Fanno Creek Trail moves forward with mid-block crossing at Hall Boulevard/Fong/Oregonian

Some of bikeportland's regular readers appear to have posted comments to that story, making for a fairly lively review of the situation, which inevitably questions the justification for spending money on a more accessible mid-block safe crossing, rather than the 1000' round trip required from the park, up to the Greenway intersection and back to the park to allow park visitors to resume their travel along this linear park trail.
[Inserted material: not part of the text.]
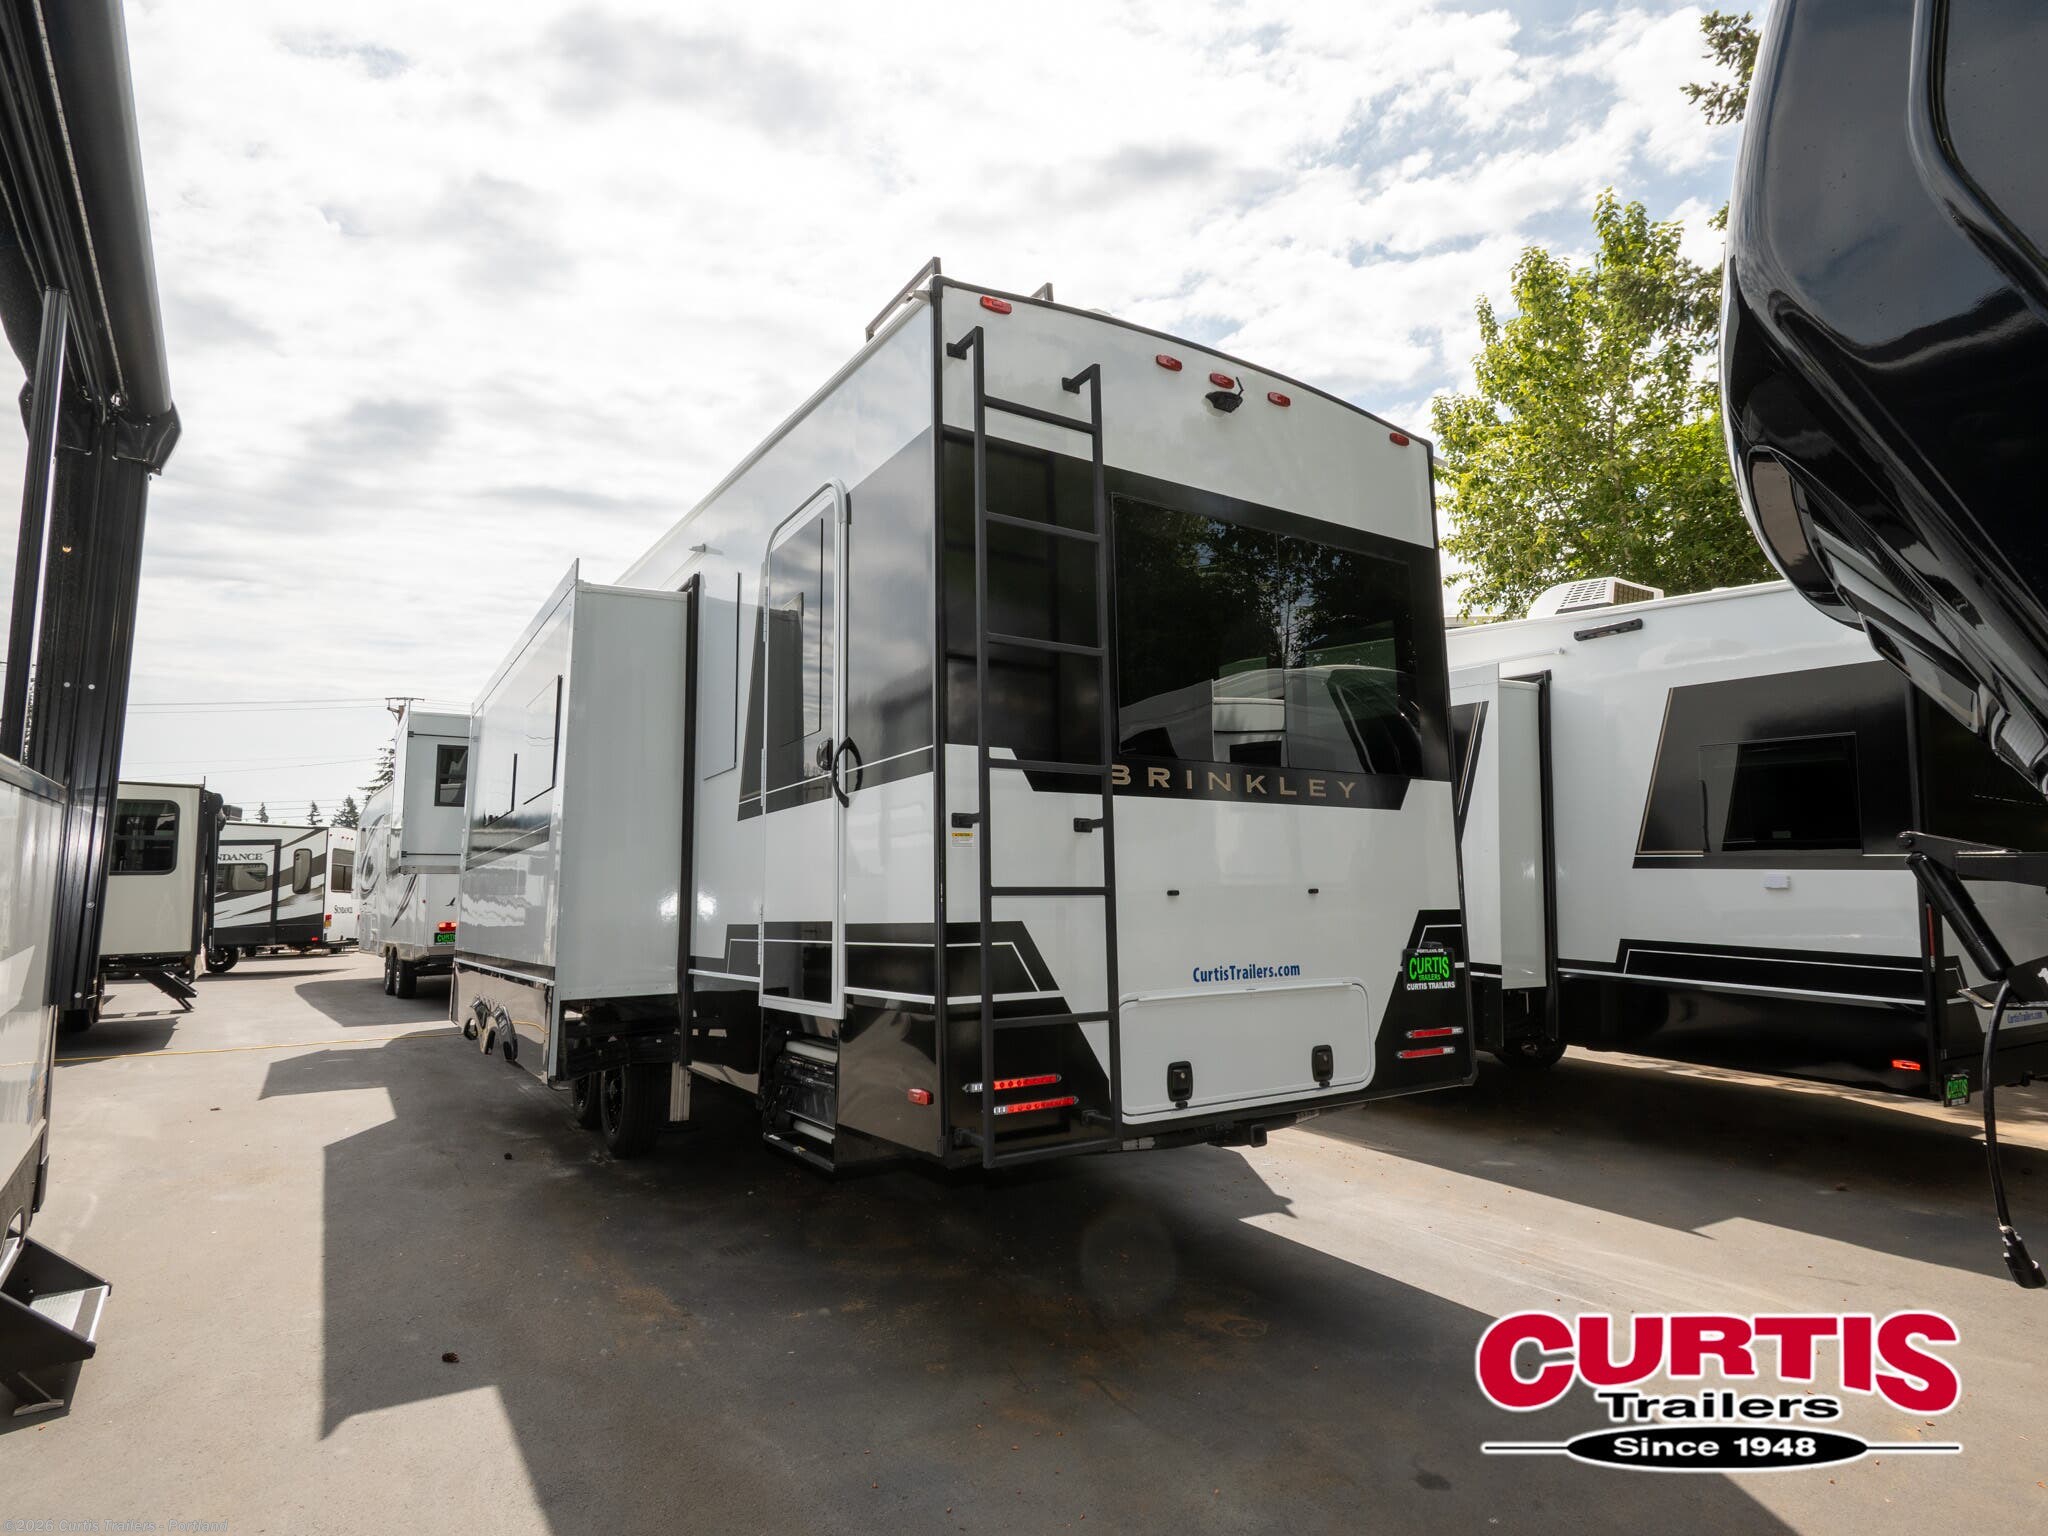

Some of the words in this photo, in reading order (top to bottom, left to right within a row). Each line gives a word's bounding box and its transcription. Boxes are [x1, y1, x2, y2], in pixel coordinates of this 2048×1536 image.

Contradictory assumptions appear to have accompanied thoughts and decisions about what type of crossing for the park would be adequate or desirable for this particular intersection of park and heavily used road. Money is tight, so obviously, many people would not like money to be unnecessarily spent on infrastructure that isn't needed, or that would effectively be somewhat of a duplication of infrastructure that already exists, i.e., ...the Greenway intersection.

Is it even worth spending any money, even as much as a single dime, to create a mid-block crossing for the Fanno Creek Regional Trail at the obstacle Hall Blvd poses to it? Answering that should oblige asking just what Fanno Creek Regional Trail Park is, now, and what it will become as years go by. My guess, is that increasingly, many, many more people will be relying on this park's unique linear design for respite from the hustle-bustle of busy city life and dealing with road traffic. They don't need, nor will it be a benefit to the community to expect and oblige them...young and old, strong and frail alike...when visiting the park, to have to bop up along busy Hall Blvd to loop around and back into the park using Greenway.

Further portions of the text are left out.